The real concern for lenders is allowing a borrower to arbitrage the bank – to borrow cheaply from the bank when the bank’s cost of funding is rising.  This is precisely what happens on lines of credit when banks price these facilities off indexes without a credit component.

However, SOFR is not the only risk-free index in the market.  Prime and Fed Funds are also risk-free rates and do not contain a credit component; therefore, the shortfall of SOFR is not specific to that index alone.  In times of financial stress, a bank’s cost of funding rises, but Prime, Fed Funds, and SOFR would all be expected to fall, lowering the cost of borrowing.  This is particularly unfortunate since most banks do not charge a standby fee on lines of credit – lenders do not earn any return, potentially until the lender’s COF goes up, and that is when borrowers are more likely to draw.

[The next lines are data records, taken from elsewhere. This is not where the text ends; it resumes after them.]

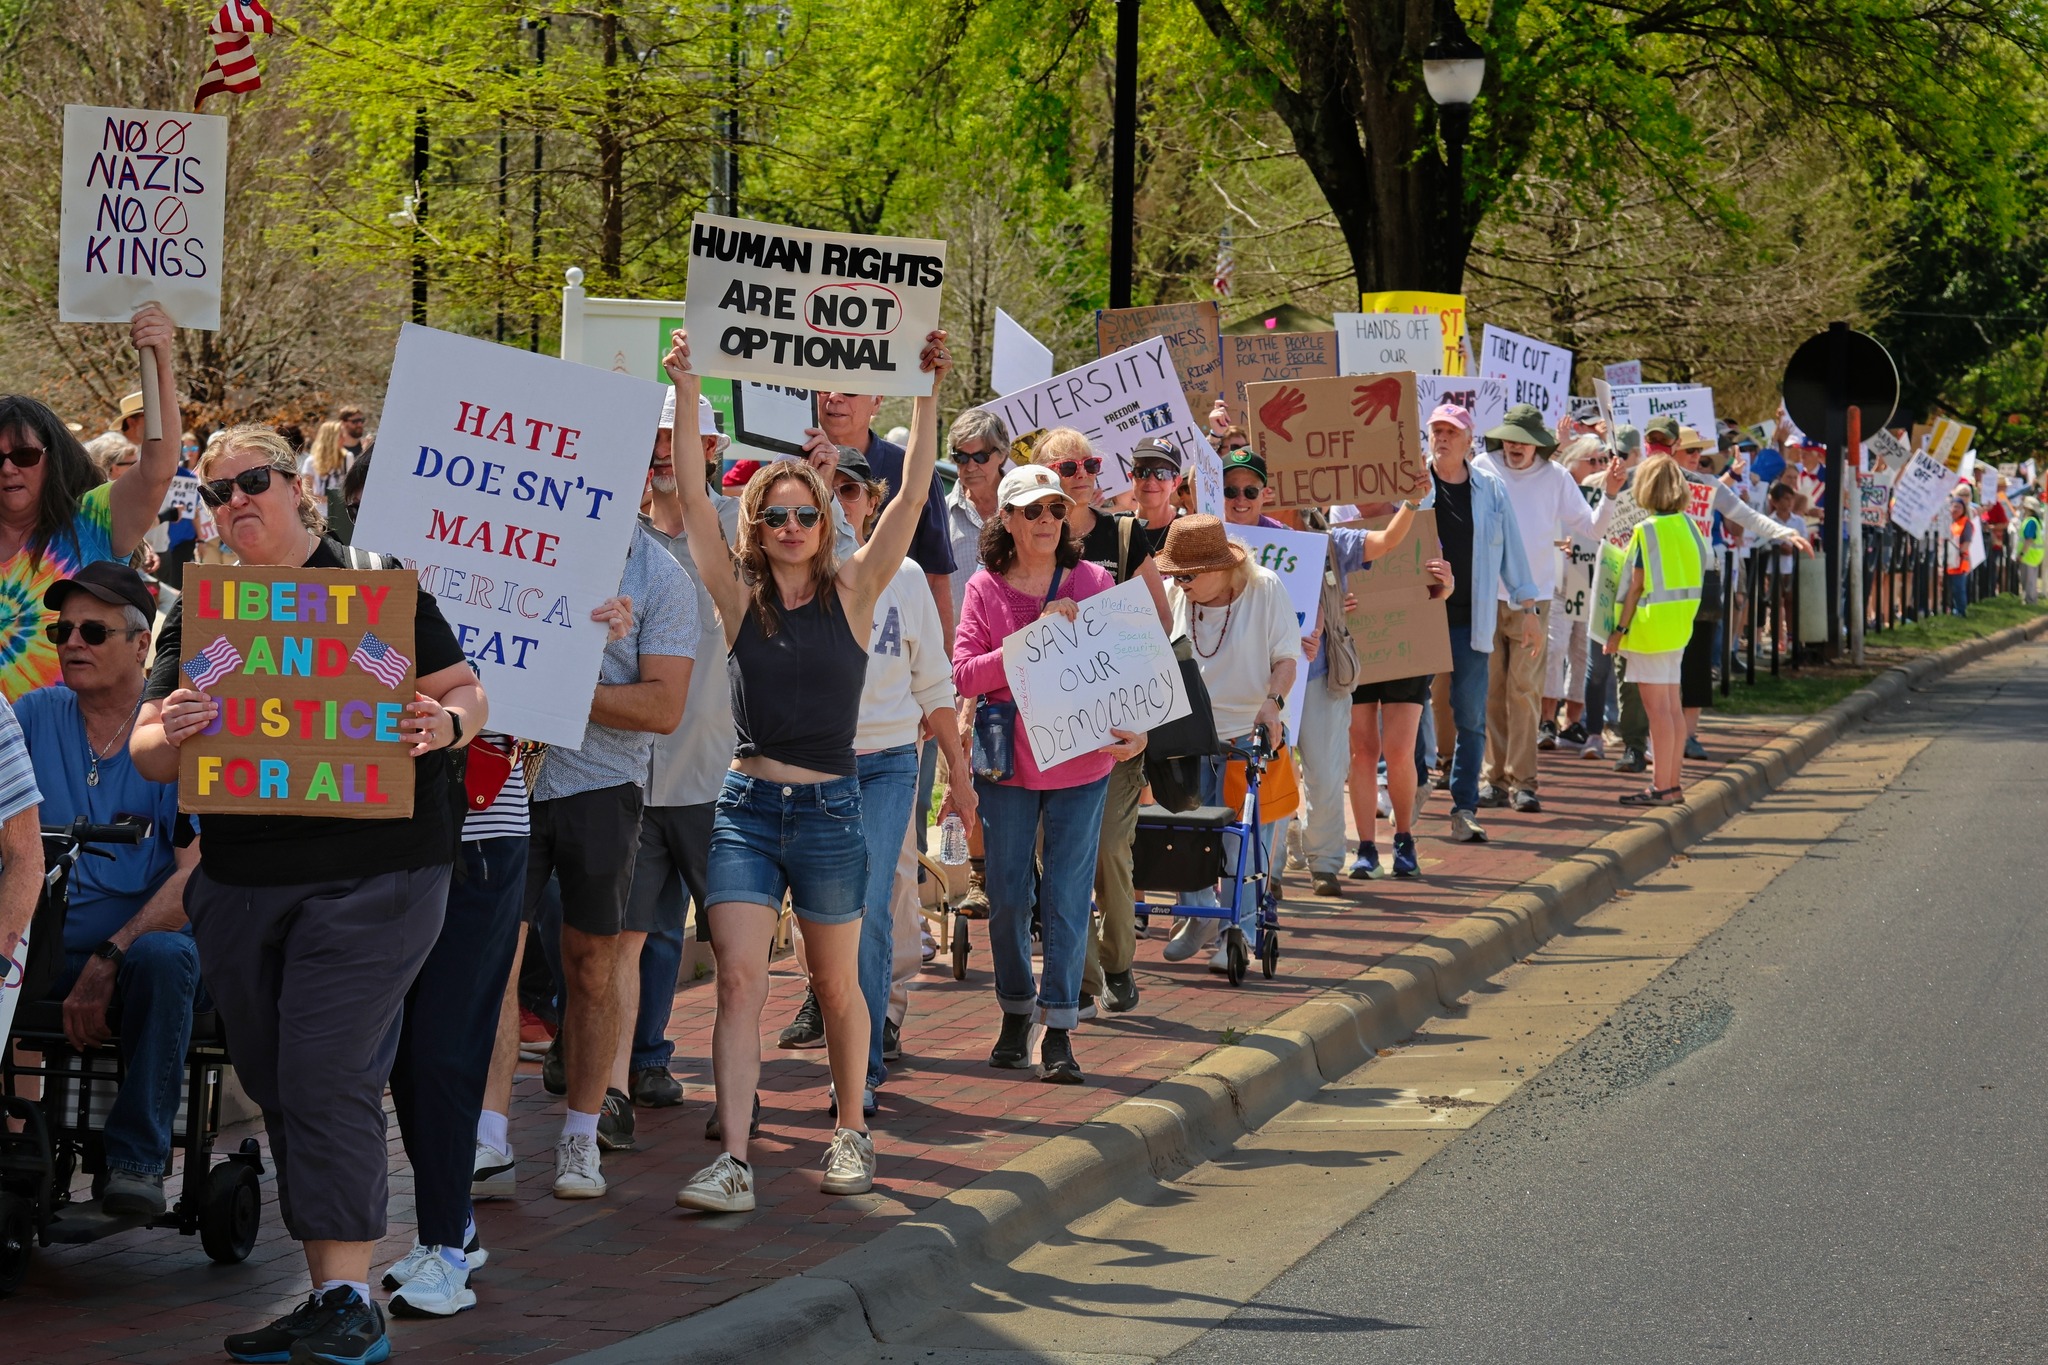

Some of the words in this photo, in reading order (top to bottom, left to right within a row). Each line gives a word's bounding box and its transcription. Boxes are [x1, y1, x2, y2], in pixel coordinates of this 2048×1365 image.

[86, 152, 205, 194] NAZIS
[86, 235, 207, 278] KINGS
[693, 223, 813, 274] HUMAN
[821, 243, 943, 288] RIGHTS
[718, 278, 797, 321] ARE
[812, 294, 895, 330] NOT
[1102, 305, 1200, 334] SOMEWHERE
[719, 326, 897, 371] OPTIONAL
[1234, 337, 1253, 352] BY
[1255, 336, 1279, 350] THE
[1284, 335, 1325, 351] PEOPLE
[1355, 319, 1401, 341] HANDS
[1406, 319, 1430, 341] OFF
[1187, 358, 1221, 379] RIGHTS
[1236, 353, 1260, 367] FOR
[1260, 352, 1282, 365] THE
[1286, 352, 1326, 365] PEOPLE
[1263, 367, 1303, 379] NOT
[1379, 348, 1409, 365] OUR
[1490, 334, 1518, 364] THEY
[1523, 346, 1551, 375] CUT
[1004, 344, 1167, 437] IVERSITY
[1516, 378, 1550, 412] BLEED
[1649, 397, 1688, 415] HANDS
[453, 401, 581, 460] HATE
[1104, 401, 1141, 425] FREEDOM
[1116, 421, 1130, 432] TO
[1130, 415, 1140, 426] BE
[1305, 430, 1355, 460] OFF
[412, 445, 614, 520] DOESN'T
[425, 508, 560, 567] MAKE
[197, 579, 391, 625] LIBERTY
[388, 554, 572, 628] MERICA
[1101, 598, 1153, 614] Medicare
[1565, 590, 1585, 616] of
[1025, 606, 1108, 663] SAVE
[1367, 628, 1390, 640] OUR
[1385, 609, 1408, 623] OFF
[452, 623, 539, 670] EAT
[1113, 642, 1162, 660] Security
[1118, 629, 1155, 641] Social
[242, 636, 349, 678] AND
[1059, 650, 1120, 692] OUR
[200, 696, 403, 742] JUSTICE
[1029, 669, 1174, 765] DEMOCRACY
[198, 756, 290, 799] FOR
[304, 761, 389, 804] ALL
[1151, 906, 1171, 914] drive

This shortfall of SOFR is not specific to that index alone, and banks have historically accepted risk-free indexes and charged a premium to compensate for the market risk that may occur during a financial dislocation.  Prime, Fed Funds, LIBOR, and SOFR are all highly correlated, and periods of financial stress, while severe, are infrequent.  Therefore, most lenders can easily price a credit premium over Prime, Fed Funds, and SOFR to get an equivalent credit component inherent in LIBOR.

While there is a sound argument for lenders not to use SOFR (or Prime or Fed Funds) for lines of credit, lenders can build a credit component to SOFR and avoid that arbitrage.  That credit component has already been determined by ARRC to be 11.448bps for SOFR versus 1-month LIBOR and 26.161bps for SOFR versus 3-month LIBOR.  Since the beginning of this year, the national banks have been largely SOFR-ready and are offering customers SOFR-based products.

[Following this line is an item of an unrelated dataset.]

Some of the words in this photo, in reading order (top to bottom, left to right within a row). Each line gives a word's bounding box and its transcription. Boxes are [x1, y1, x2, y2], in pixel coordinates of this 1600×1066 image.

Community banks should choose a safe road when considering what to use after LIBOR.  Alternatives to SOFR do exist, such as Ameribor and BSBY (Bloomberg Short-term Index).  However, SOFR is by far the bigger market, and regulators have long emphasized the importance of using an index that is robust enough to be represented by trillions of dollars in contracts and one that will be available and representative during financial turbulence.  ARRC has long recommended SOFR as a robust and durable index.  Currently, ARRC-recommended fallback language is making its way through congress to make it a Federal statutory replacement index for LIBOR.  SOFR may not be the right index for every instrument, but it is expected to gain the majority share in the banking market.